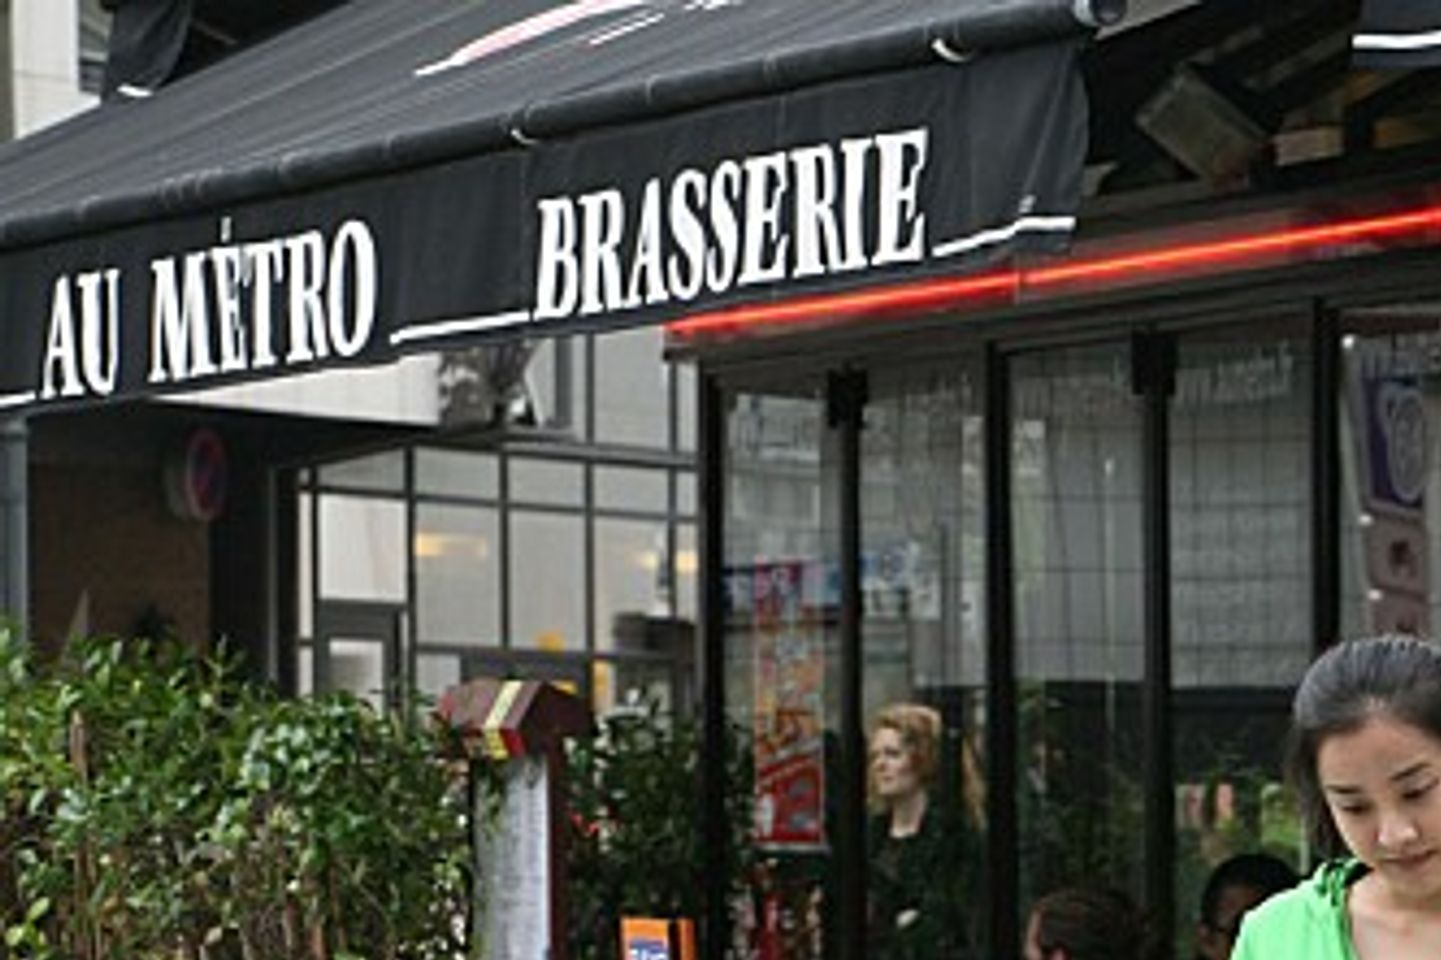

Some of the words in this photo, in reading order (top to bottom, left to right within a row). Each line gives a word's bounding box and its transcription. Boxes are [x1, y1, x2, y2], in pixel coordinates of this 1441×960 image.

[40, 268, 120, 399] AU
[148, 216, 375, 382] MÉTRO
[533, 127, 929, 320] BRASSERIE
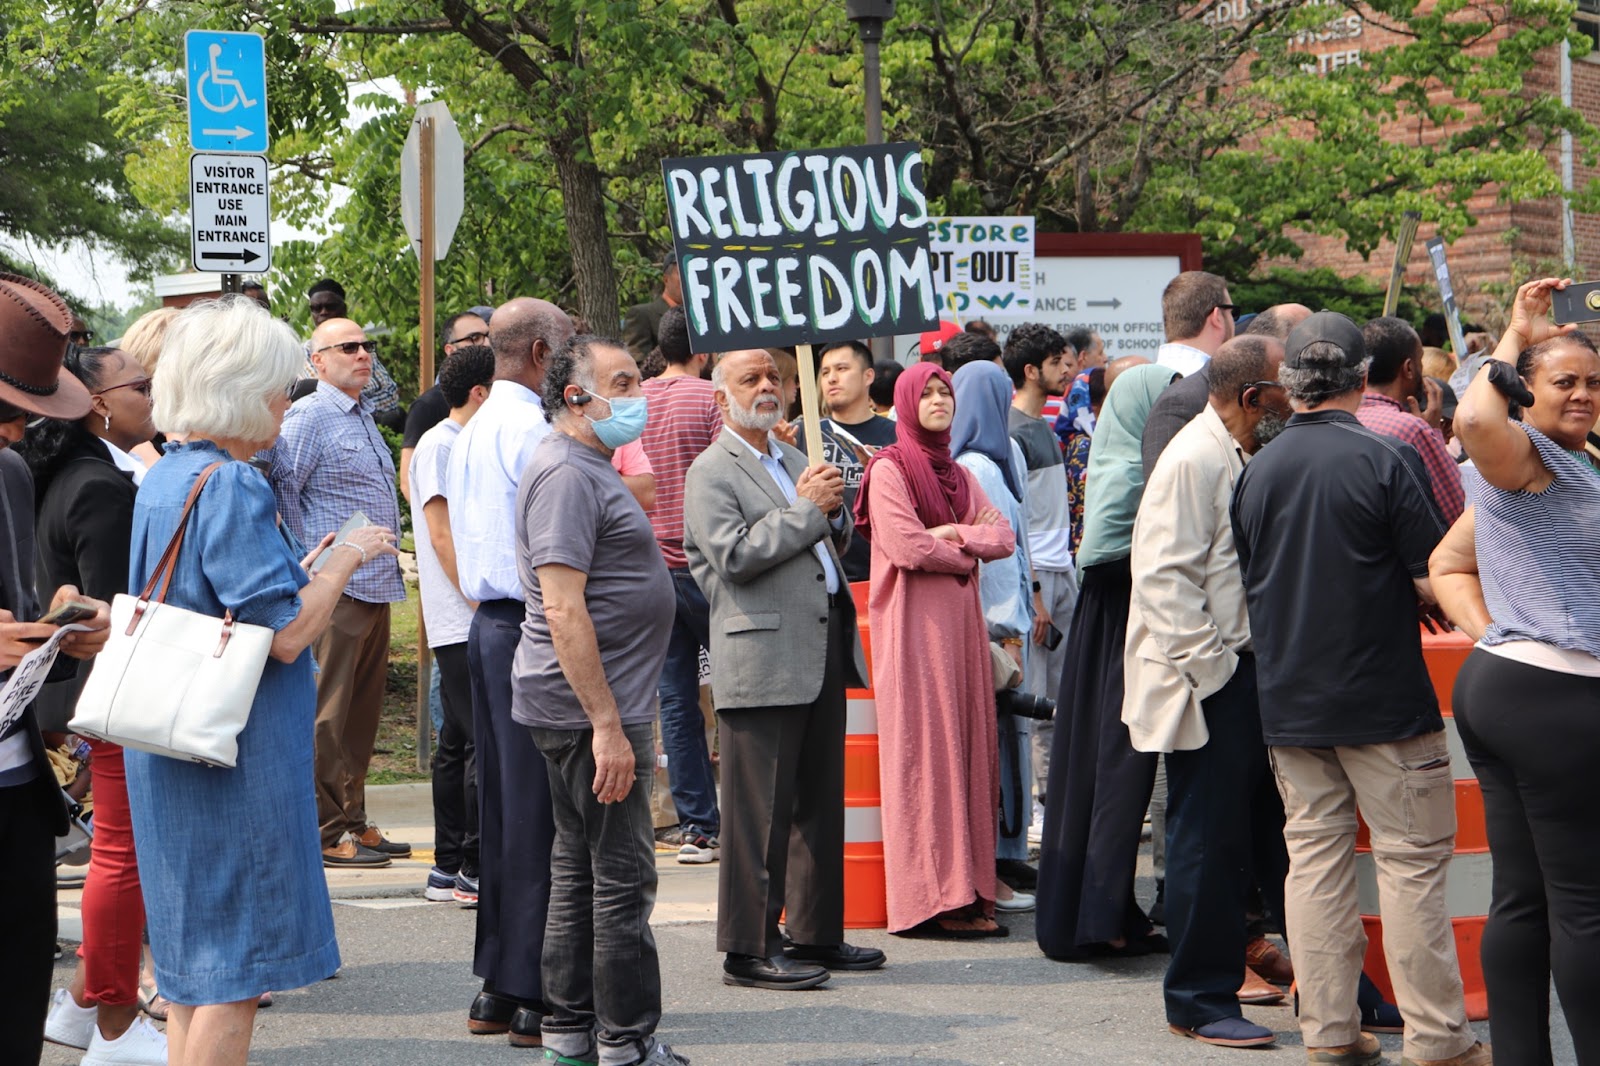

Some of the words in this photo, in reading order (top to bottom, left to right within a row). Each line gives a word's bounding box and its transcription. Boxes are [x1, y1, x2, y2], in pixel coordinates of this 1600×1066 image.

[204, 166, 255, 178] VISITOR
[196, 182, 264, 195] ENTRANCE
[667, 152, 927, 239] RELIGIOUS
[218, 199, 243, 210] USE
[215, 214, 247, 226] MAIN
[198, 230, 265, 243] ENTRANCE
[971, 250, 1018, 282] OUT
[682, 246, 937, 337] FREEDOM
[1034, 297, 1077, 311] ANCE

#####

• [WHAT YOU NEED TO DO] Copy out the material word for word, without any images.

• [FINAL ANSWER]
Some of the words in this photo, in reading order (top to bottom, left to right within a row). Each line gives a word's bounding box and its transcription. Boxes are [x1, y1, x2, y2], in pixel coordinates of this 1441×960 image.

[40, 268, 120, 399] AU
[148, 216, 375, 382] MÉTRO
[533, 127, 929, 320] BRASSERIE

Some of the words in this photo, in reading order (top to bottom, left to right within a row). Each line gives a word's bounding box and its transcription. Boxes are [x1, y1, x2, y2], in pixel coordinates of this 1600×1066 image.

[204, 166, 255, 178] VISITOR
[196, 182, 264, 195] ENTRANCE
[667, 152, 927, 239] RELIGIOUS
[218, 199, 243, 210] USE
[215, 214, 247, 226] MAIN
[198, 230, 265, 243] ENTRANCE
[971, 250, 1018, 282] OUT
[682, 246, 937, 337] FREEDOM
[1034, 297, 1077, 311] ANCE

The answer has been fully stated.